A new work of contemporary art has joined the Fermo Municipal Collection, marking a new step in the dialogue between historical heritage and current artistic research. It is Shape. Seeking Shape, a site-specific and context-specific work by Eugenio Tibaldi, officially presented at the Civic Archaeological Museum inside the former Dominican Convent. The work was created as part of the PAC2024 - Plan for Contemporary Art, a call promoted by the General Directorate for Contemporary Creativity of the Ministry of Culture, and is the result of an articulated project promoted by the City of Fermo in collaboration with the Karussell association. The presentation of the work was accompanied by a documentary exhibition that reconstructed its ideational and creative process. An opportunity to delve into the motivations behind the artistic intervention and understand the participatory dynamics that characterized the process. The exhibition also included Simposio, an installation created by Tibaldi in collaboration with the students of the Liceo Artistico Preziotti Licini high school, reinforcing the inclusive and formative character of the entire project.
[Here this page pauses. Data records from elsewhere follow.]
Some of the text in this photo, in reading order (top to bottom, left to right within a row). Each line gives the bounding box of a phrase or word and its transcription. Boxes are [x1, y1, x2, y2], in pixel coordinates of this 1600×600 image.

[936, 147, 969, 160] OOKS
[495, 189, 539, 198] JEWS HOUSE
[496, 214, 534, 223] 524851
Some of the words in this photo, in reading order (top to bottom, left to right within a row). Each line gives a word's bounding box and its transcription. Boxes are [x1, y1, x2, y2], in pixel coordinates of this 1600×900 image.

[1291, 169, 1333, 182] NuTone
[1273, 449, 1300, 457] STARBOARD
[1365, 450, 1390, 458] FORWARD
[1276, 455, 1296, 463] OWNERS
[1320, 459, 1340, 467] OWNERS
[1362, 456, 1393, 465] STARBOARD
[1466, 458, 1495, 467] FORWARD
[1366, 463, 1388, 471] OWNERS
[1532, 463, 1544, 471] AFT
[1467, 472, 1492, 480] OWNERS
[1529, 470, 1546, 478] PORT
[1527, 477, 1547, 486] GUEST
“It was a great success,” say the organizers, “the public was amazed and enchanted by the sculpture that is mirrored in the water and put in dialogue with the Fermano landscape that can be seen from the windows behind it.”
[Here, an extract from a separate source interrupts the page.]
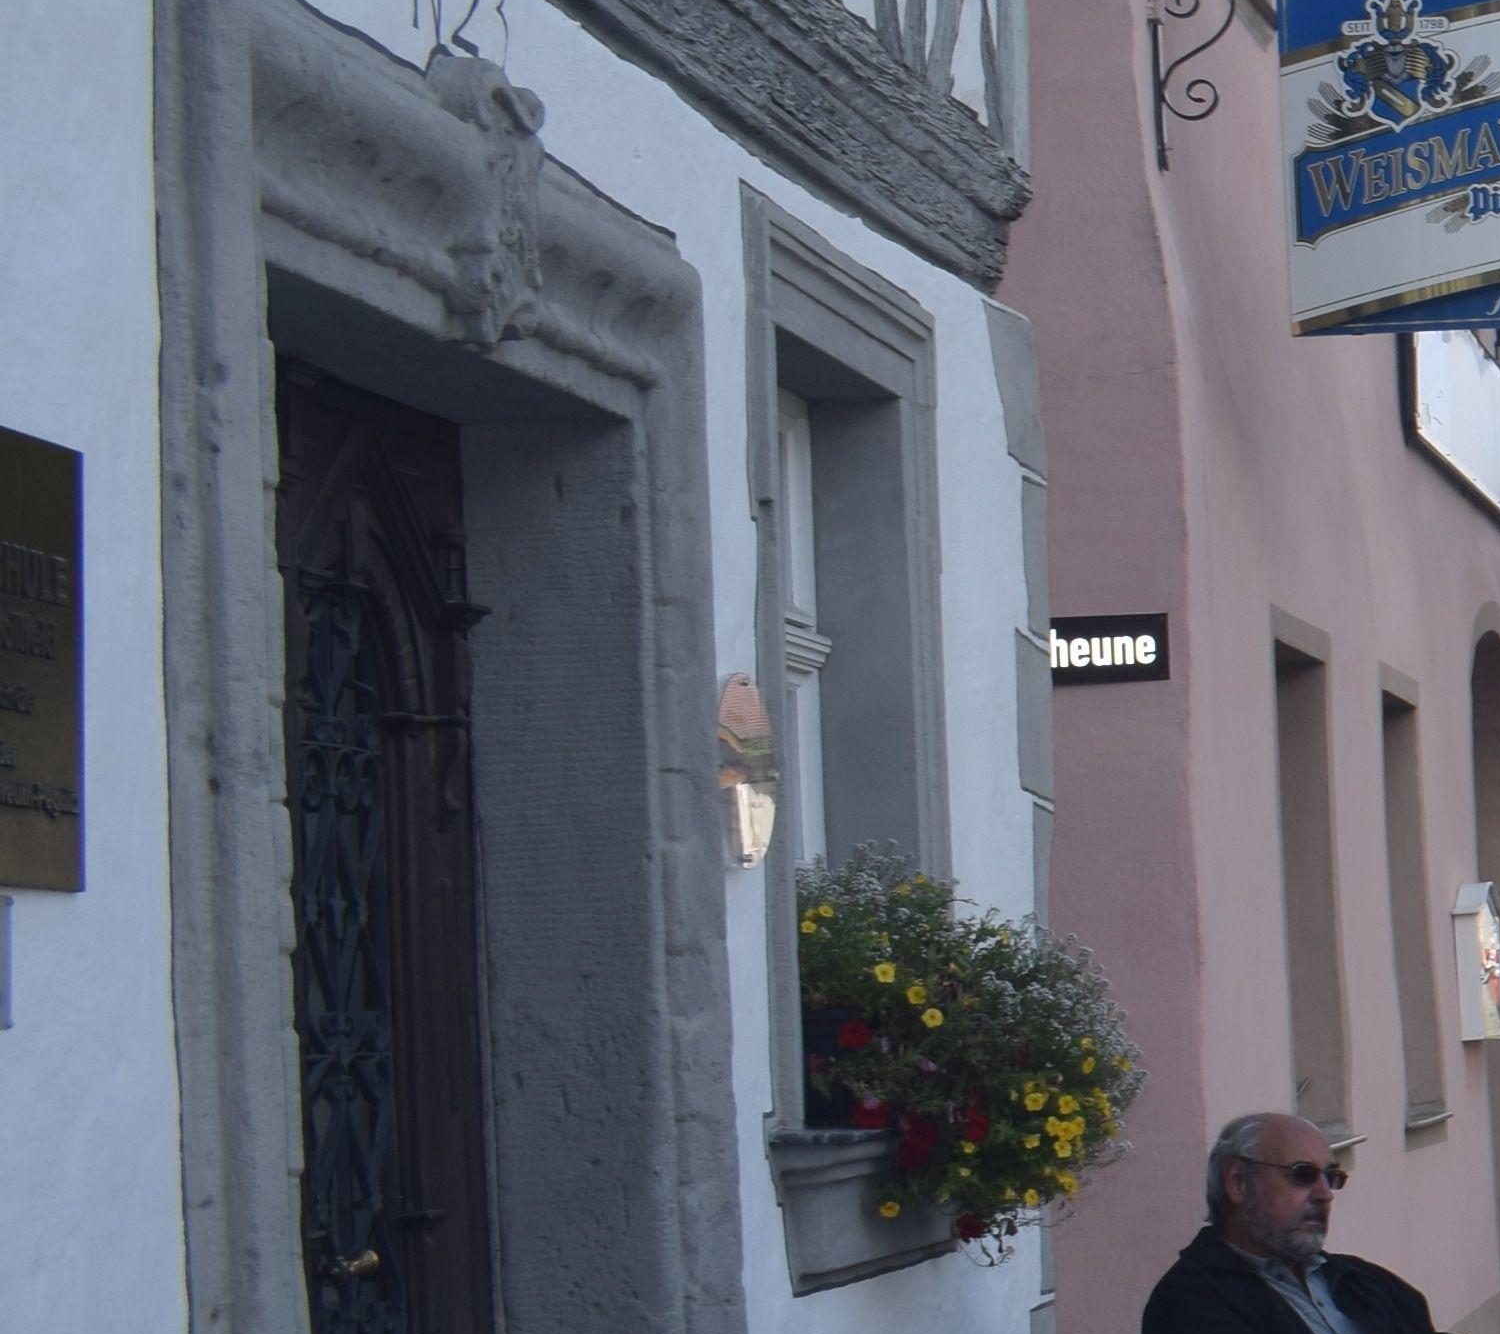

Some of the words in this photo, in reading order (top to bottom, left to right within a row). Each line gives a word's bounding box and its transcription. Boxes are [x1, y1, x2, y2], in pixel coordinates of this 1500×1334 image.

[1346, 22, 1371, 33] SEIT
[1419, 18, 1445, 30] 1798
[1049, 628, 1156, 668] heune
The project is part of a broader strategy launched in 2021 by the Municipality of Fermo together with the Karussell association, under the scientific direction of art historian and curator Matilde Galletti, president of the association. The goal is to promote an active relationship between the cultural and social fabric of the city and contemporary art practices, involving prominent national and international figures. After the experiences with Vedovamazzei in 2021 and Chiara Camoni between 2022 and 2023, the project saw the participation of Eugenio Tibaldi, an artist who for years has been exploring the physical and psychological margins of contemporary societies, with a particular focus on the suburbs and the dynamics of urban transformation. For the city of Fermo, Shape represents the result of an artistic experience developed through a participatory process that actively involved the citizenry. The work was born from a series of informal meetings, questionnaires and moments of listening that allowed the artist to collect reflections, visions and memories related to the landscape and the collective history of the territory. The collected suggestions were translated into a layered and complex sculpture composed of books, galvanized metal, resins and a water base. Placed among the archaeological remains of the former Dominican Convent, the work establishes a direct dialogue with the museum context, proposing a suspended and abstract form that recalls the profiles of the Marche hills. The upper part of the work closes with a volume that recalls the outline of Fermo Cathedral, thus fitting into the visual and symbolic fabric of the city. The use of books as the main material is not purely aesthetic: they represent the submerged narratives, local histories and collective memories that, layered over time, define the identity of a place. The sculpture thus becomes a “contemporary artifact,” capable of visually restoring the social and cultural changes that have swept through Fermo in recent decades.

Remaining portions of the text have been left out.